Dating loans money
Finally, there is a clear break from the use of bronze in barter into its undebatable use as money because of lighter measures of bronze not intended to be used as anything other than coinage for transactions.
The aes grave (heavy bronze) (or As) is the start of the use of coins in Rome, but not the oldest known example of metal coinage.
David Graeber proposes that money as a unit of account was invented when the unquantifiable obligation "I owe you one" transformed into the quantifiable notion of "I owe you one unit of something".
Due to the complexities of ancient history (ancient civilizations developing at different paces and not keeping accurate records or having their records destroyed), and because the ancient origins of economic systems precede written history, it is impossible to trace the true origin of the invention of money and the transition from "barter systems" to the "monetary systems".
Schumpeter's theory had several themes but the most important of these involve the notions that money can be analyzed from the viewpoint of social accounting and that it is also firmly connected to the theory of value and price.

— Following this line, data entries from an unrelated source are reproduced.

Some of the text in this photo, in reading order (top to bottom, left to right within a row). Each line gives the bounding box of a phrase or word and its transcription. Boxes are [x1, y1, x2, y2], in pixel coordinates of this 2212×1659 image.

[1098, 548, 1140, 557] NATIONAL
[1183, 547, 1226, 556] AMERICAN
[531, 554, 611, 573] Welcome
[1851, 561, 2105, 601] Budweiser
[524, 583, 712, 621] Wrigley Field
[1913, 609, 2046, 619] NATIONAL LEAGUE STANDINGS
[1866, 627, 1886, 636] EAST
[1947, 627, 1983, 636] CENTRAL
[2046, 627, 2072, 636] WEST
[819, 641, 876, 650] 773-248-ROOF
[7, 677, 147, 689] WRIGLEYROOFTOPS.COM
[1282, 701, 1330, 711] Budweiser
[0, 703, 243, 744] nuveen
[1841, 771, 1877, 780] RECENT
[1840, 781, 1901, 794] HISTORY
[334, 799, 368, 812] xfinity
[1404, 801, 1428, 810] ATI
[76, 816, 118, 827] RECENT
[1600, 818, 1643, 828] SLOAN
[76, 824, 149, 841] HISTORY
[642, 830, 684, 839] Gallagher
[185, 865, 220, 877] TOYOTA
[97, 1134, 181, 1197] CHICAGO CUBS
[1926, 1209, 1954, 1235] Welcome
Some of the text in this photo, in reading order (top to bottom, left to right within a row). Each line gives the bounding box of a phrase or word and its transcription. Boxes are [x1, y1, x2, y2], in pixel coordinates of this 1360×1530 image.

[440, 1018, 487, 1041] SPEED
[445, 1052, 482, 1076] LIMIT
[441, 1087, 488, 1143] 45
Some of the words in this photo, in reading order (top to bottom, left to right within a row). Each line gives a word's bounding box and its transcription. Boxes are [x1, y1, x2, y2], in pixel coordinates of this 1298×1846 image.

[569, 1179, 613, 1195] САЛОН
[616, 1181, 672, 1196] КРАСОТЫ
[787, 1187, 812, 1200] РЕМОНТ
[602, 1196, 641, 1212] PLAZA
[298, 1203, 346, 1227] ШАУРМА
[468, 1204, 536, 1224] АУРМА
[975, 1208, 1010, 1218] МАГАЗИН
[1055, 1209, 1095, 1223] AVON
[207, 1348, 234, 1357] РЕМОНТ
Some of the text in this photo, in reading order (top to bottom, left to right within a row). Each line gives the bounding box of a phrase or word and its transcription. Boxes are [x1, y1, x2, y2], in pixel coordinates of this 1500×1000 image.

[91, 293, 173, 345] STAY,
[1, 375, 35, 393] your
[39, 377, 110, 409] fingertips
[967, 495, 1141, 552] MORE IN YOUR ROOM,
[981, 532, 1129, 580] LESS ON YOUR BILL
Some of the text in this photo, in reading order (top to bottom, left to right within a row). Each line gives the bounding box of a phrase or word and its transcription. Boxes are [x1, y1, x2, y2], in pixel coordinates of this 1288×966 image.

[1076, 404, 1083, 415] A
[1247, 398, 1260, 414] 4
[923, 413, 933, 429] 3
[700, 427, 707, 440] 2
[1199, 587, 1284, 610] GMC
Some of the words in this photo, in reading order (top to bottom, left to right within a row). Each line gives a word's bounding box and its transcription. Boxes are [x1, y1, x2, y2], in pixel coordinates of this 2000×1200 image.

There are at least two theories of what money is and these can influence the interpretation of historical and archeological evidence of early monetary systems.
Even more intellectually complicated than this example would be creating tokens that abstractly represented a claim on goods stored in a warehouse, and further still, creating metal tokens (which would require knowledge of mining & refining metal and creating coins) requires an even more evolved state of mind than any of these other examples.
In his book Debt: The First 5,000 Years, anthropologist David Graeber argues against the suggestion that money was invented to replace barter.